▶ How to complete this task
Every line of the material is to be returned verbatim. Pictures stay out.

━━━ Data supplied

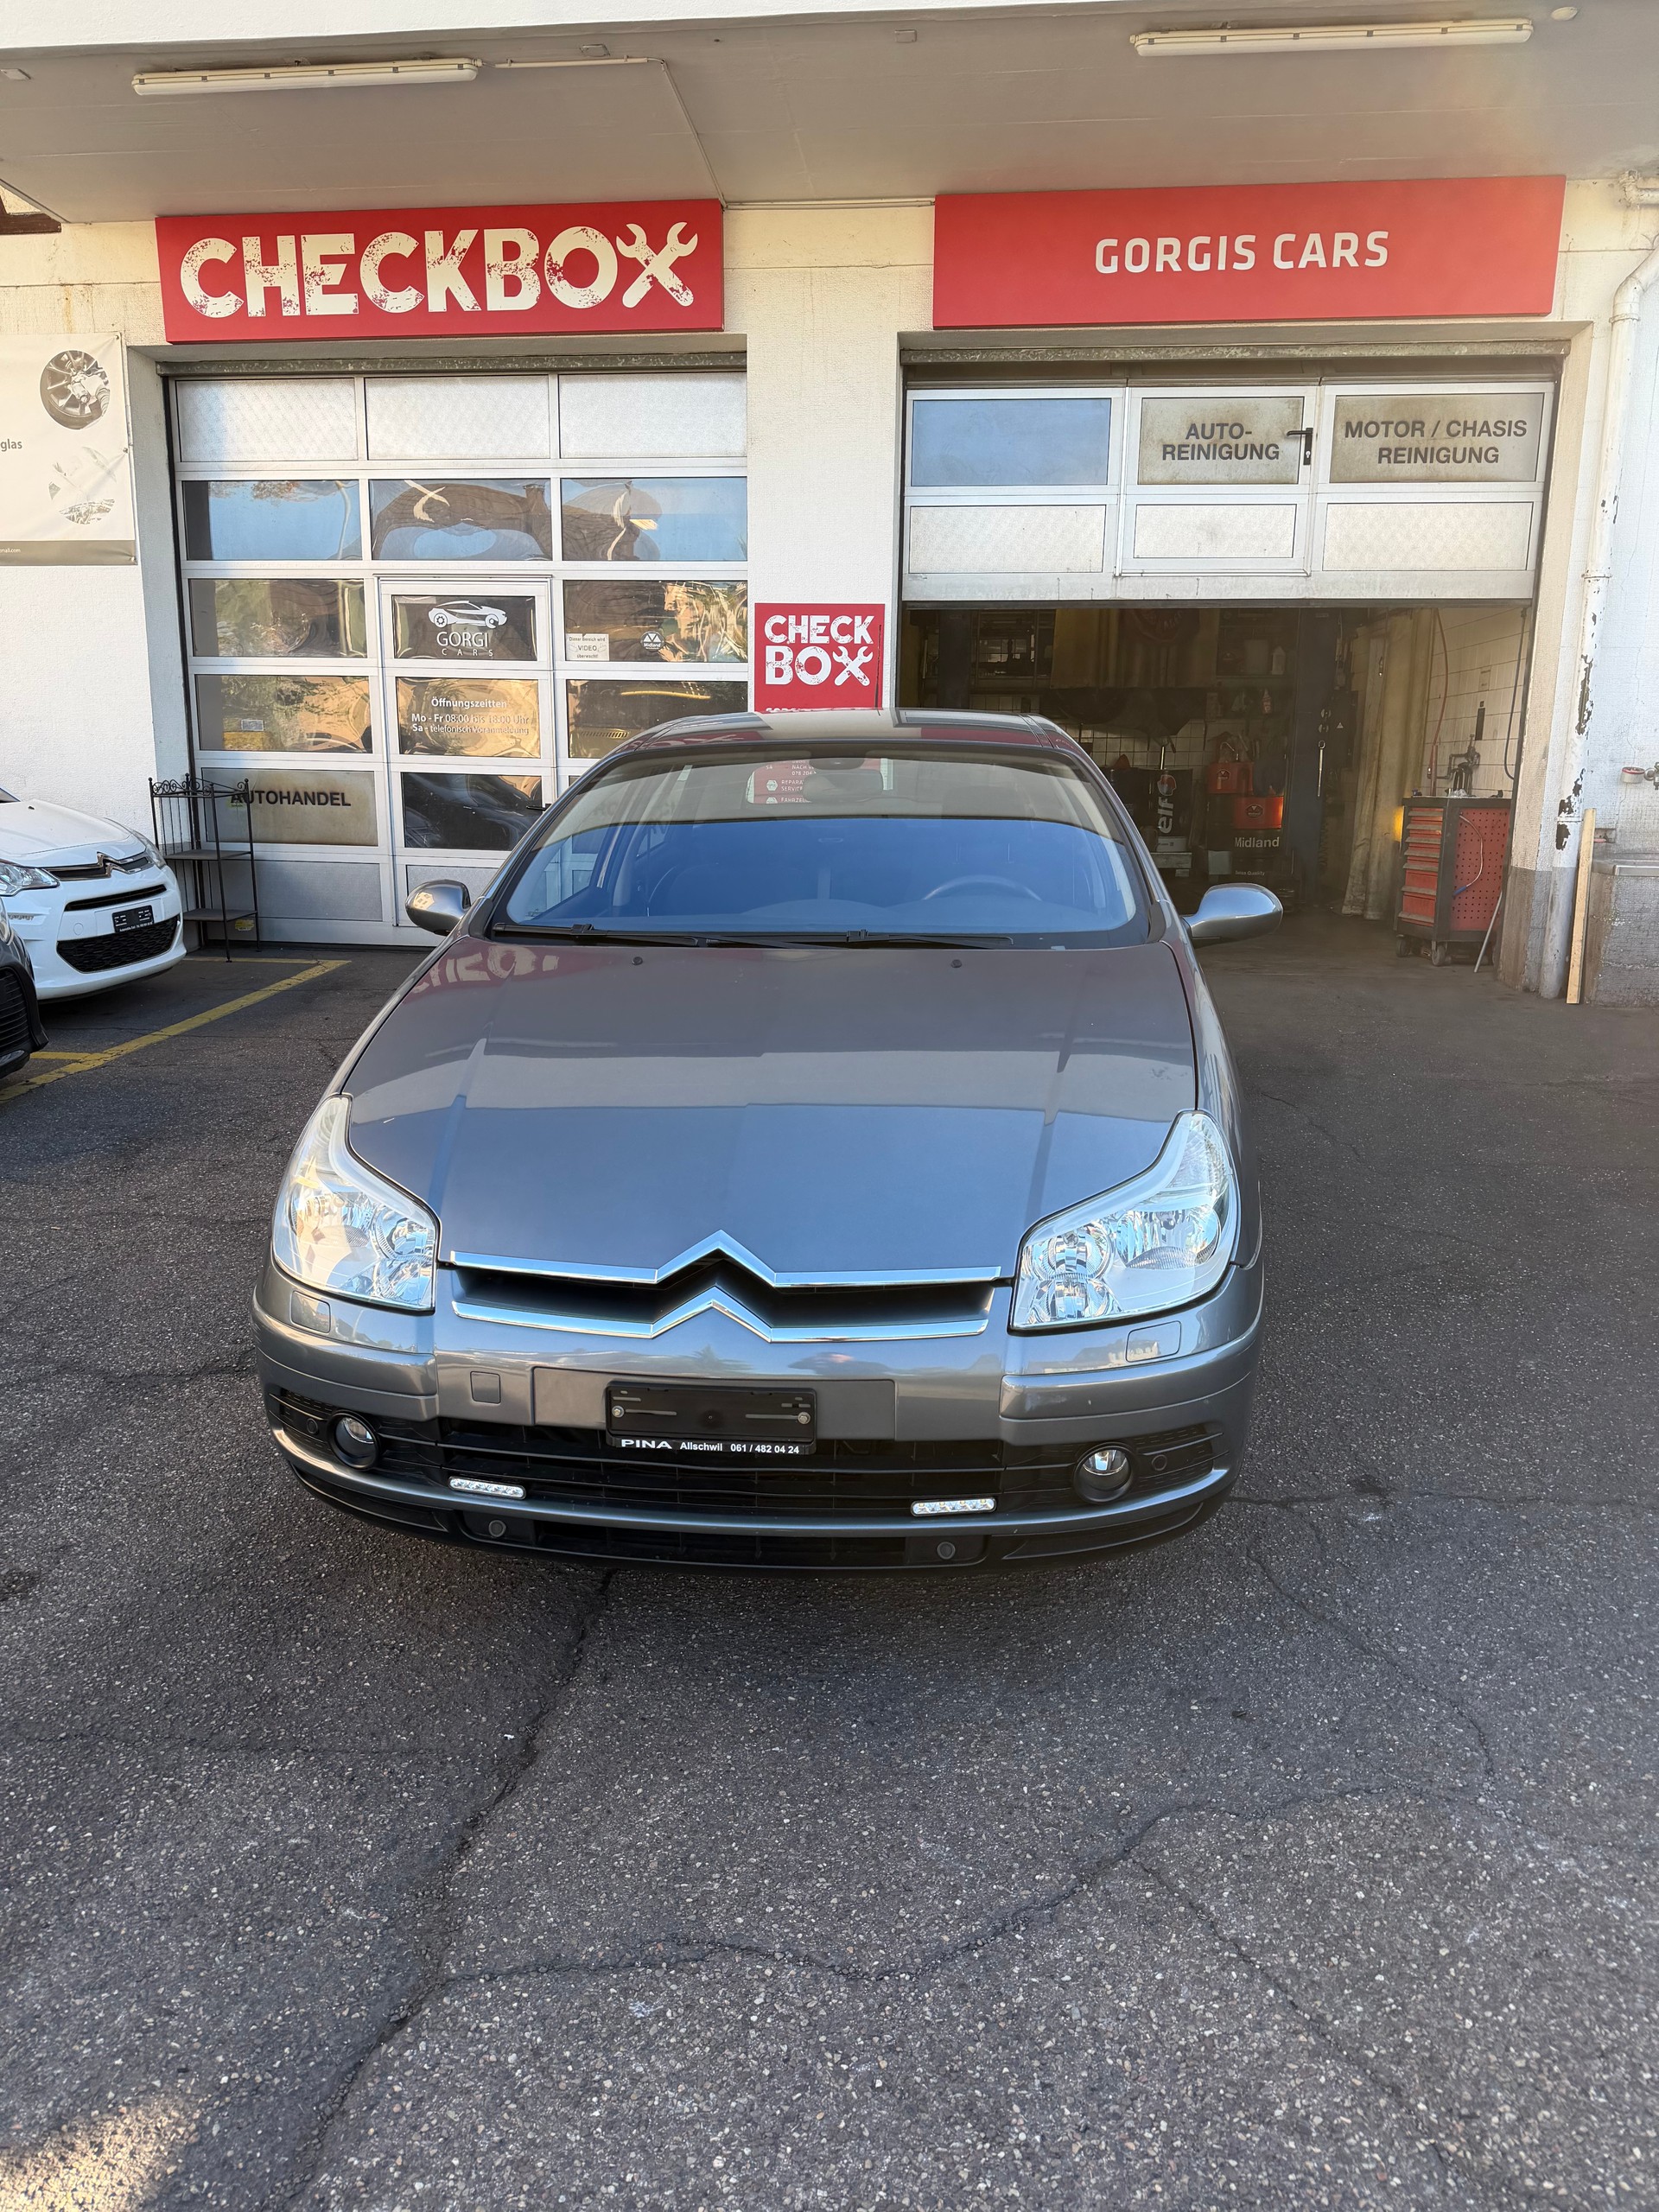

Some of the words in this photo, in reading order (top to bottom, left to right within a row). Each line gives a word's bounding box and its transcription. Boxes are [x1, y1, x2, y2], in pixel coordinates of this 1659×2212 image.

[1095, 234, 1255, 275] GORGIS
[1273, 231, 1389, 270] CARS
[180, 221, 698, 319] CHECKBOX
[1185, 423, 1253, 441] AUTO-
[1344, 421, 1427, 439] MOTOR
[1446, 419, 1528, 438] CHASIS
[1161, 442, 1281, 461] REINIGUNG
[1377, 446, 1500, 465] REINIGUNG
[764, 614, 875, 645] CHECK
[436, 632, 488, 648] GORGI
[765, 645, 874, 686] BOX
[431, 697, 507, 709] Öffnungszeitten
[411, 714, 427, 722] Mo
[445, 715, 469, 723] 08:00
[471, 715, 486, 723] bis
[513, 715, 529, 724] Uhr
[1235, 836, 1280, 848] Midland
[621, 1439, 672, 1450] PINA
[680, 1442, 723, 1452] Allschwil
[730, 1444, 747, 1452] 061
[754, 1445, 772, 1453] 482
[787, 1446, 800, 1454] 24

━━━━━━

▶ Solution to the problem
Some of the words in this photo, in reading order (top to bottom, left to right within a row). Each line gives a word's bounding box and its transcription. Boxes are [x1, y1, x2, y2], in pixel coordinates of this 1659×2212 image.

[1095, 234, 1255, 275] GORGIS
[1273, 231, 1389, 270] CARS
[180, 221, 698, 319] CHECKBOX
[1185, 423, 1253, 441] AUTO-
[1344, 421, 1427, 439] MOTOR
[1446, 419, 1528, 438] CHASIS
[1161, 442, 1281, 461] REINIGUNG
[1377, 446, 1500, 465] REINIGUNG
[764, 614, 875, 645] CHECK
[436, 632, 488, 648] GORGI
[765, 645, 874, 686] BOX
[431, 697, 507, 709] Öffnungszeitten
[411, 714, 427, 722] Mo
[445, 715, 469, 723] 08:00
[471, 715, 486, 723] bis
[513, 715, 529, 724] Uhr
[1235, 836, 1280, 848] Midland
[621, 1439, 672, 1450] PINA
[680, 1442, 723, 1452] Allschwil
[730, 1444, 747, 1452] 061
[754, 1445, 772, 1453] 482
[787, 1446, 800, 1454] 24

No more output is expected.